## WHAT IS NEEDED:
The whole listing is to be returned exactly.

## PROVIDED DATA:
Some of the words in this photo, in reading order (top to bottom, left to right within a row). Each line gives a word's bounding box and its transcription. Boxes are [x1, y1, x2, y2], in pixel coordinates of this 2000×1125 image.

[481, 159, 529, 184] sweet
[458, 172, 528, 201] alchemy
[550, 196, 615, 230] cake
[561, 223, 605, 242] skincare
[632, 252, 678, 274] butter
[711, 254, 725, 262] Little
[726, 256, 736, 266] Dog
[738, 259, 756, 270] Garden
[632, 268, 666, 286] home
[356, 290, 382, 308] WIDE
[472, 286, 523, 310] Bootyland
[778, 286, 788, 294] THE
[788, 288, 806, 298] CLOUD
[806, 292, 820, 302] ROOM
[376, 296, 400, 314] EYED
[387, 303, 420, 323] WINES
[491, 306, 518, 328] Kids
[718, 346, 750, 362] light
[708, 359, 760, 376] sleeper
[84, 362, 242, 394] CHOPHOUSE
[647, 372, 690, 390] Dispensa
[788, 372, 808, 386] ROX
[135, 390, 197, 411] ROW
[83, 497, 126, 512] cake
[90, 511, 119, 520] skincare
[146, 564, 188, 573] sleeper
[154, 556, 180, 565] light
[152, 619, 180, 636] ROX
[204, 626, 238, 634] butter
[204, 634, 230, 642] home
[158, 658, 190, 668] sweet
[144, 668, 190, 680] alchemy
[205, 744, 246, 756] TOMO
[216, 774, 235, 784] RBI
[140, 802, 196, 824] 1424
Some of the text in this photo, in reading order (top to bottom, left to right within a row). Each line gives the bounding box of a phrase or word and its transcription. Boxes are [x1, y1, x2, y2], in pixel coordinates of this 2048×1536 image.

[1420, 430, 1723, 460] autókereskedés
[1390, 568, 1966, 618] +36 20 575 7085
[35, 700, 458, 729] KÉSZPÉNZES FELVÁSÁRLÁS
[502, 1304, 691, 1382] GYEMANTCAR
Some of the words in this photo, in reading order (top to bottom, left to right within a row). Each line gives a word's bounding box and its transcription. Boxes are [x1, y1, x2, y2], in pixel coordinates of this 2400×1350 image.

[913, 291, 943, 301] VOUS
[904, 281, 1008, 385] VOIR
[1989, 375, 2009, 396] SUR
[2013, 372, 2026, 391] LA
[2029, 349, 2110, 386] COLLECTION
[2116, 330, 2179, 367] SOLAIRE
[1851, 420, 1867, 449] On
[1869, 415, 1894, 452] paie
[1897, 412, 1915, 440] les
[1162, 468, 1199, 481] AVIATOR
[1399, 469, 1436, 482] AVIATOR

## COMPLETED TASK:
Some of the words in this photo, in reading order (top to bottom, left to right within a row). Each line gives a word's bounding box and its transcription. Boxes are [x1, y1, x2, y2], in pixel coordinates of this 2000×1125 image.

[481, 159, 529, 184] sweet
[458, 172, 528, 201] alchemy
[550, 196, 615, 230] cake
[561, 223, 605, 242] skincare
[632, 252, 678, 274] butter
[711, 254, 725, 262] Little
[726, 256, 736, 266] Dog
[738, 259, 756, 270] Garden
[632, 268, 666, 286] home
[356, 290, 382, 308] WIDE
[472, 286, 523, 310] Bootyland
[778, 286, 788, 294] THE
[788, 288, 806, 298] CLOUD
[806, 292, 820, 302] ROOM
[376, 296, 400, 314] EYED
[387, 303, 420, 323] WINES
[491, 306, 518, 328] Kids
[718, 346, 750, 362] light
[708, 359, 760, 376] sleeper
[84, 362, 242, 394] CHOPHOUSE
[647, 372, 690, 390] Dispensa
[788, 372, 808, 386] ROX
[135, 390, 197, 411] ROW
[83, 497, 126, 512] cake
[90, 511, 119, 520] skincare
[146, 564, 188, 573] sleeper
[154, 556, 180, 565] light
[152, 619, 180, 636] ROX
[204, 626, 238, 634] butter
[204, 634, 230, 642] home
[158, 658, 190, 668] sweet
[144, 668, 190, 680] alchemy
[205, 744, 246, 756] TOMO
[216, 774, 235, 784] RBI
[140, 802, 196, 824] 1424
Some of the text in this photo, in reading order (top to bottom, left to right within a row). Each line gives the bounding box of a phrase or word and its transcription. Boxes are [x1, y1, x2, y2], in pixel coordinates of this 2048×1536 image.

[1420, 430, 1723, 460] autókereskedés
[1390, 568, 1966, 618] +36 20 575 7085
[35, 700, 458, 729] KÉSZPÉNZES FELVÁSÁRLÁS
[502, 1304, 691, 1382] GYEMANTCAR
Some of the words in this photo, in reading order (top to bottom, left to right within a row). Each line gives a word's bounding box and its transcription. Boxes are [x1, y1, x2, y2], in pixel coordinates of this 2400×1350 image.

[913, 291, 943, 301] VOUS
[904, 281, 1008, 385] VOIR
[1989, 375, 2009, 396] SUR
[2013, 372, 2026, 391] LA
[2029, 349, 2110, 386] COLLECTION
[2116, 330, 2179, 367] SOLAIRE
[1851, 420, 1867, 449] On
[1869, 415, 1894, 452] paie
[1897, 412, 1915, 440] les
[1162, 468, 1199, 481] AVIATOR
[1399, 469, 1436, 482] AVIATOR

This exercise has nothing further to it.